* **Instructions to follow**
Please give the entries below again exactly, omitting every picture.

* **Given records**
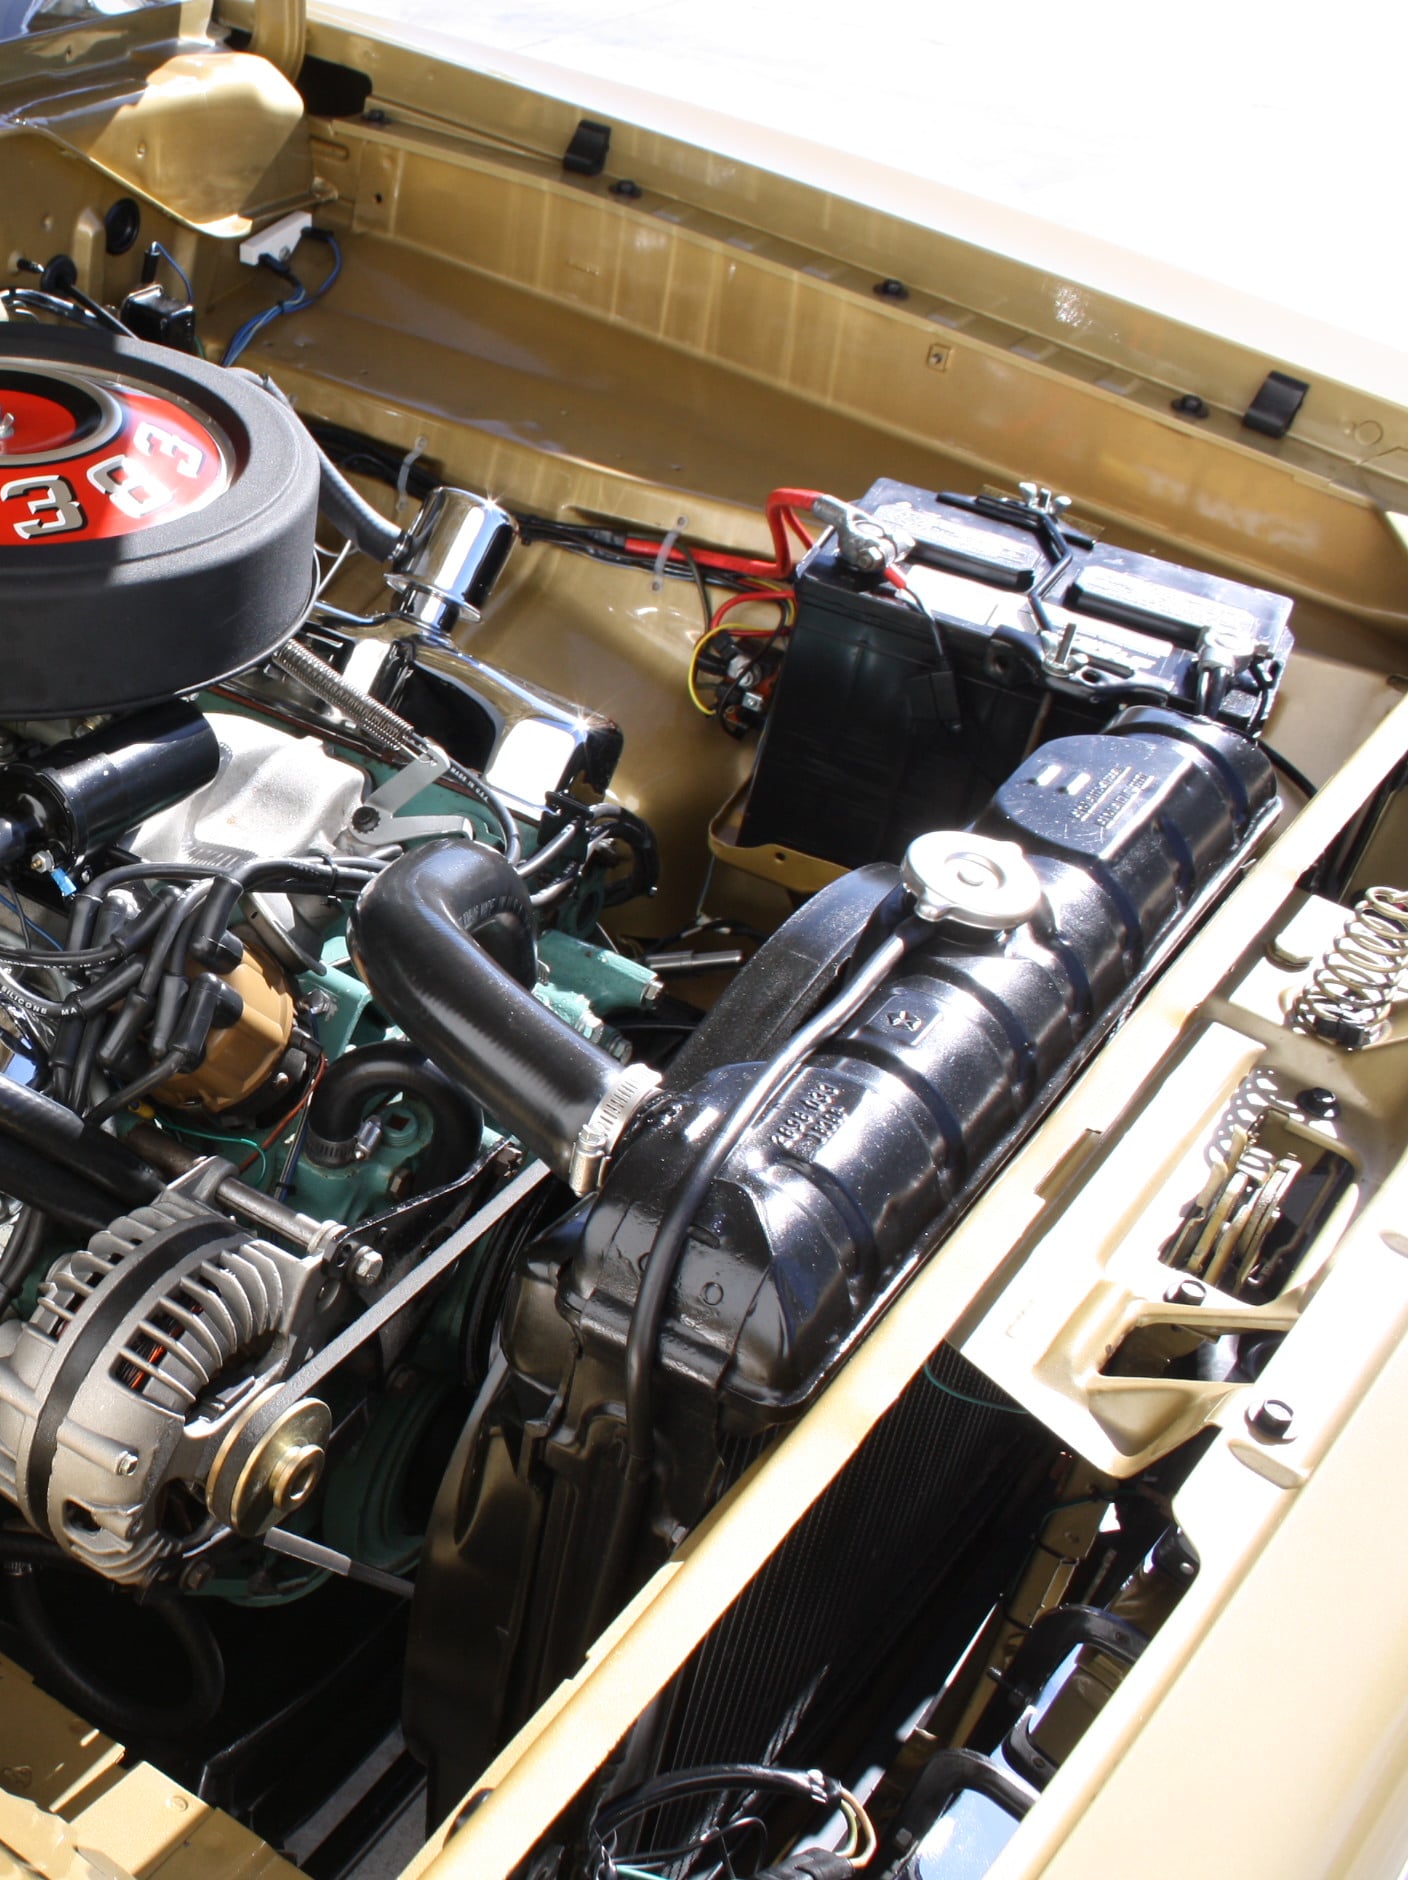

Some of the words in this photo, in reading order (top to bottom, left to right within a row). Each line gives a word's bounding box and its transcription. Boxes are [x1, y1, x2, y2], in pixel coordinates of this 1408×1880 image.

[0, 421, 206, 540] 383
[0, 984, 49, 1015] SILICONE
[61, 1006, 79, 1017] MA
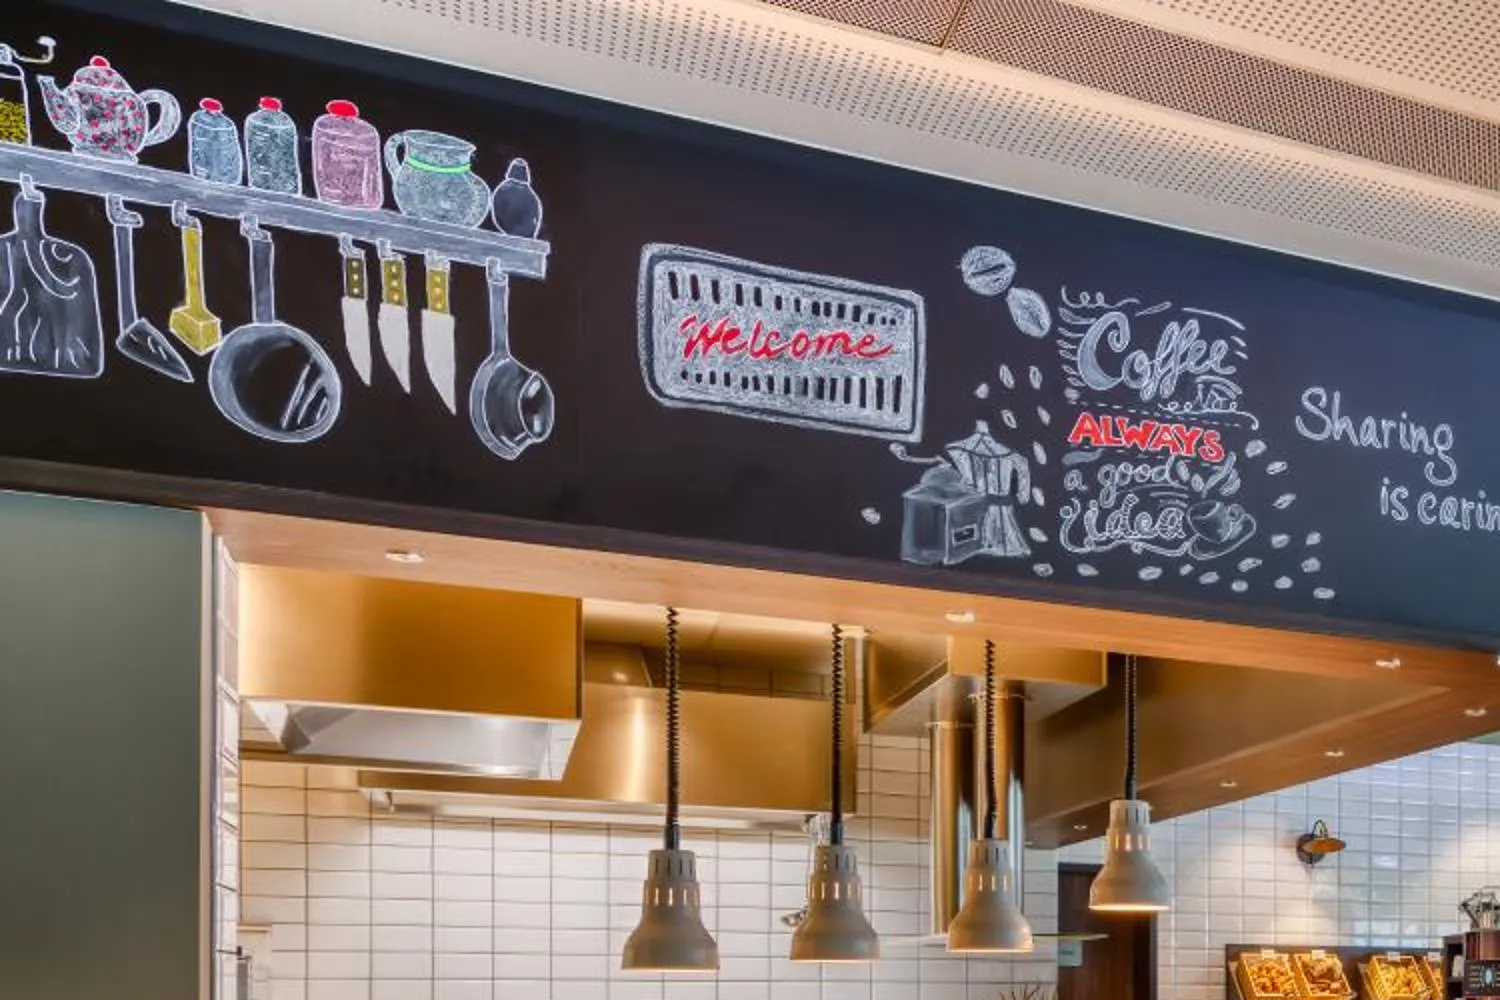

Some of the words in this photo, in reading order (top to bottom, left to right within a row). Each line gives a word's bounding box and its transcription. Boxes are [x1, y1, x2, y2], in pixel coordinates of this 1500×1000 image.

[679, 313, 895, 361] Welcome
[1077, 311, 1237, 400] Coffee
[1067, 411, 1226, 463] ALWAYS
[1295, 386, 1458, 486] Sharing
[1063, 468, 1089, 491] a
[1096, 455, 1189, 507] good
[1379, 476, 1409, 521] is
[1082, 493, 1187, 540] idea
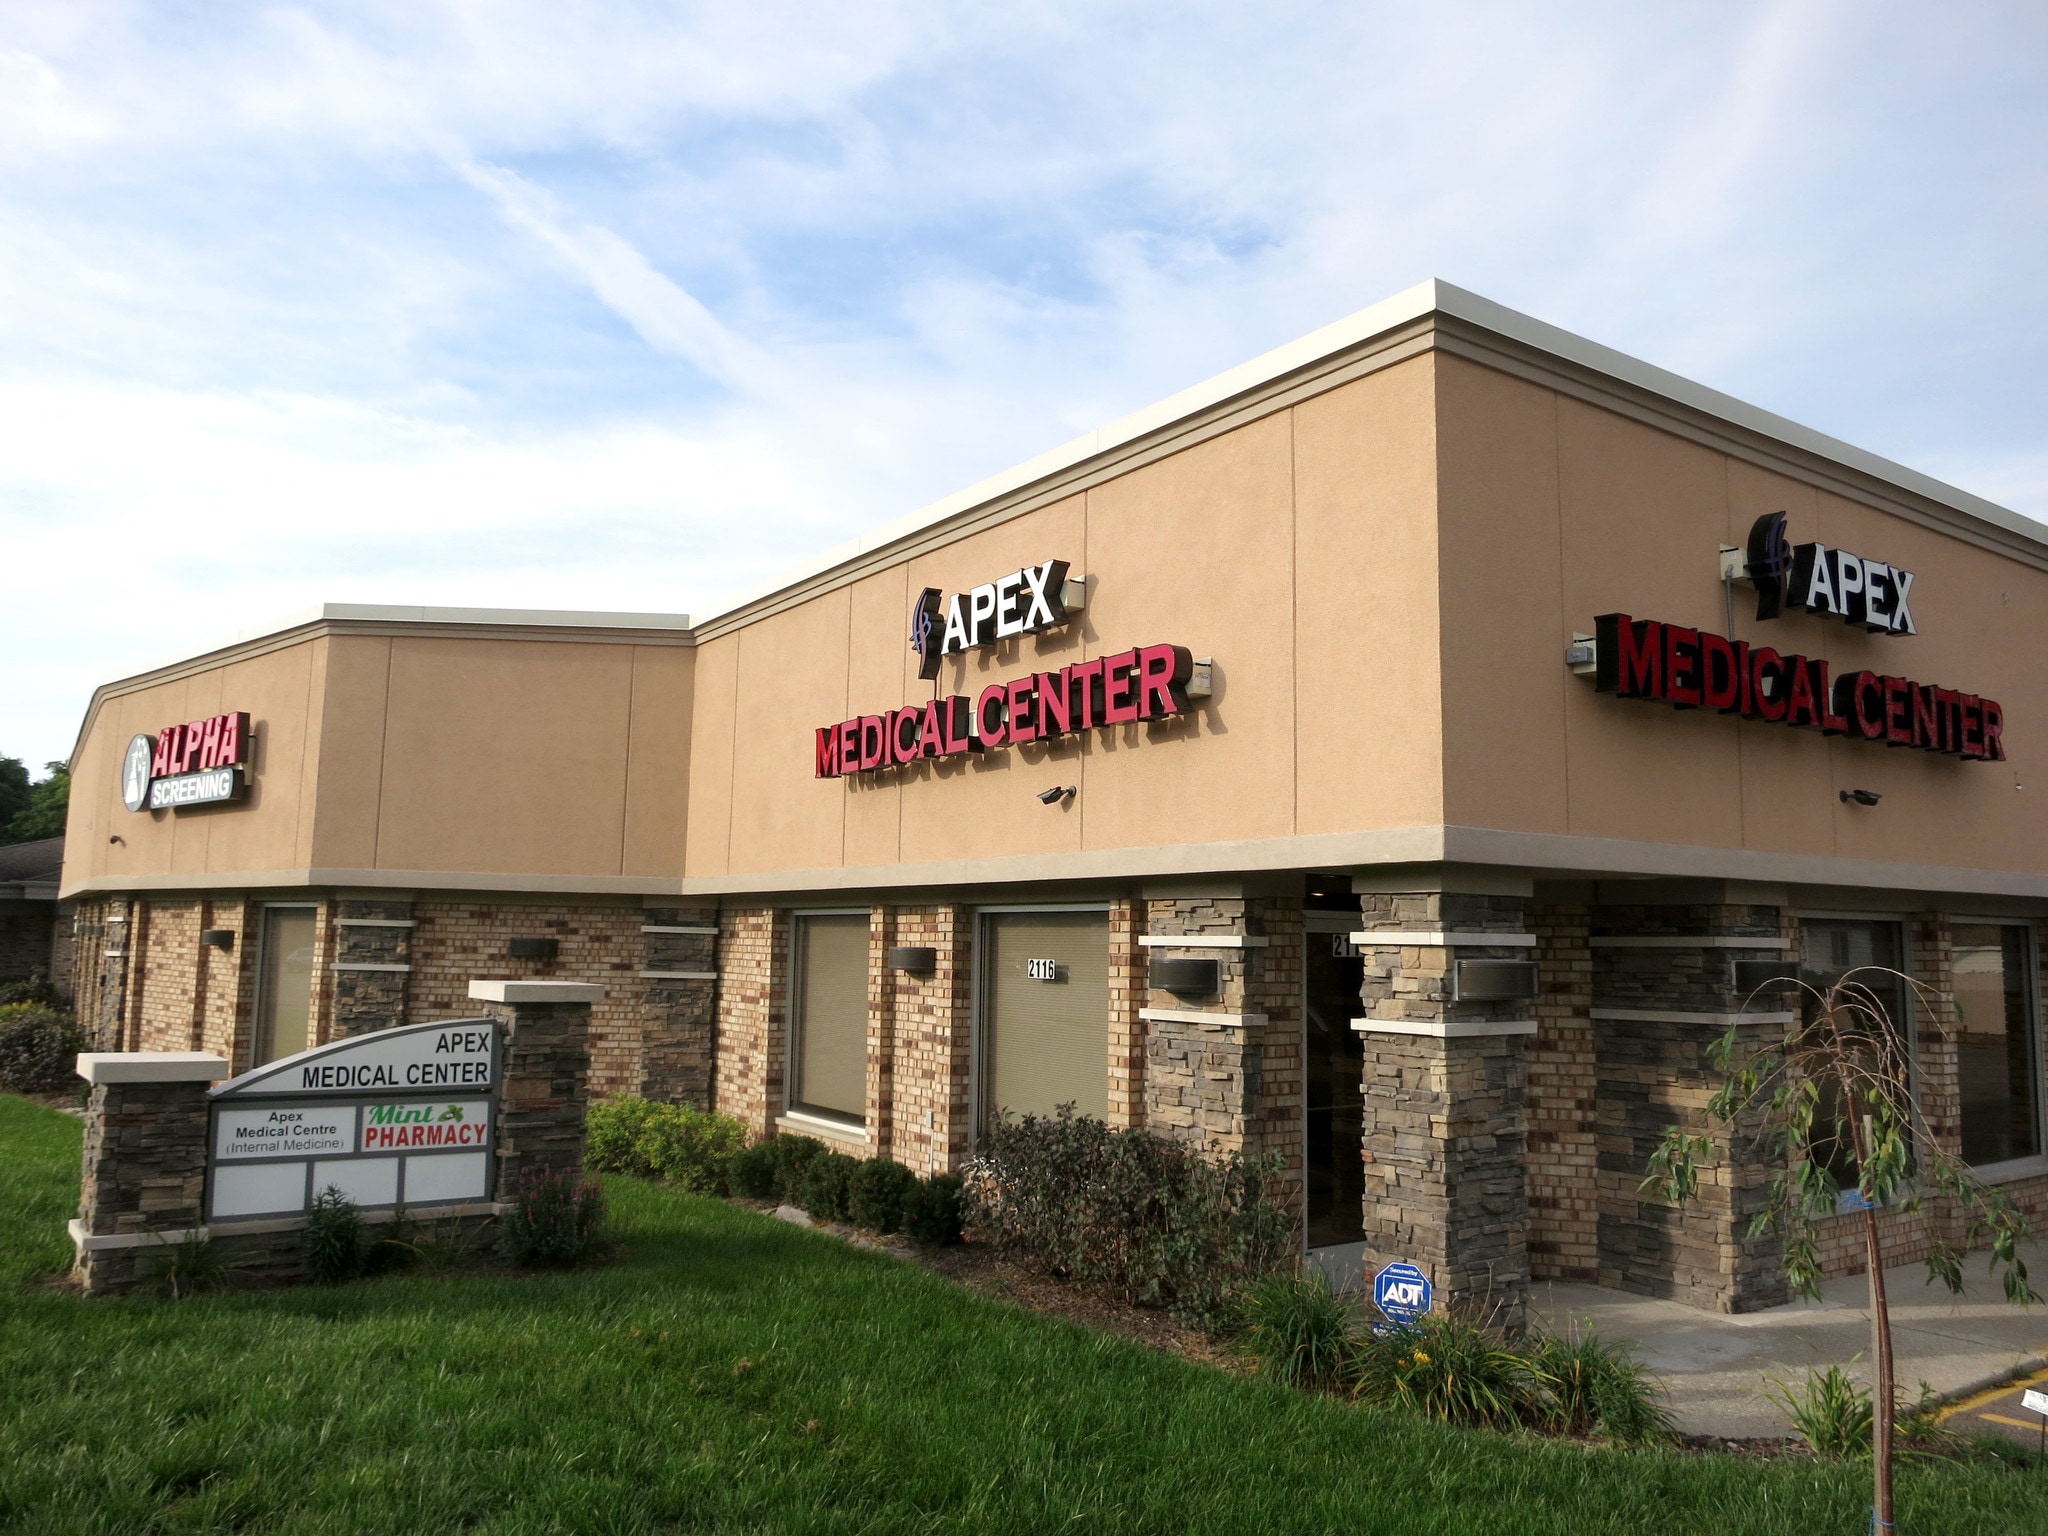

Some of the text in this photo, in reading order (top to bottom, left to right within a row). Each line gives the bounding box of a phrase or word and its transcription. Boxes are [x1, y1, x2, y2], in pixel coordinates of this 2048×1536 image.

* **Solution for this problem**
Some of the words in this photo, in reading order (top to bottom, left to right within a row). Each line gives a word's bounding box and its transcription. Boxes are [x1, y1, x2, y2], in pixel coordinates of this 1408×1880 image.

[0, 421, 206, 540] 383
[0, 984, 49, 1015] SILICONE
[61, 1006, 79, 1017] MA

Some of the words in this photo, in reading order (top to bottom, left to right within a row). Each line gives a word's bounding box and its transcription. Boxes are [x1, y1, x2, y2], in pixel coordinates of this 1500×1000 image.

[679, 313, 895, 361] Welcome
[1077, 311, 1237, 400] Coffee
[1067, 411, 1226, 463] ALWAYS
[1295, 386, 1458, 486] Sharing
[1063, 468, 1089, 491] a
[1096, 455, 1189, 507] good
[1379, 476, 1409, 521] is
[1082, 493, 1187, 540] idea

Some of the text in this photo, in reading order (top to bottom, left to right within a row). Each line gives the bounding box of a phrase or word and its transcription. Boxes are [x1, y1, x2, y2], in pixel coordinates of this 2048×1536 image.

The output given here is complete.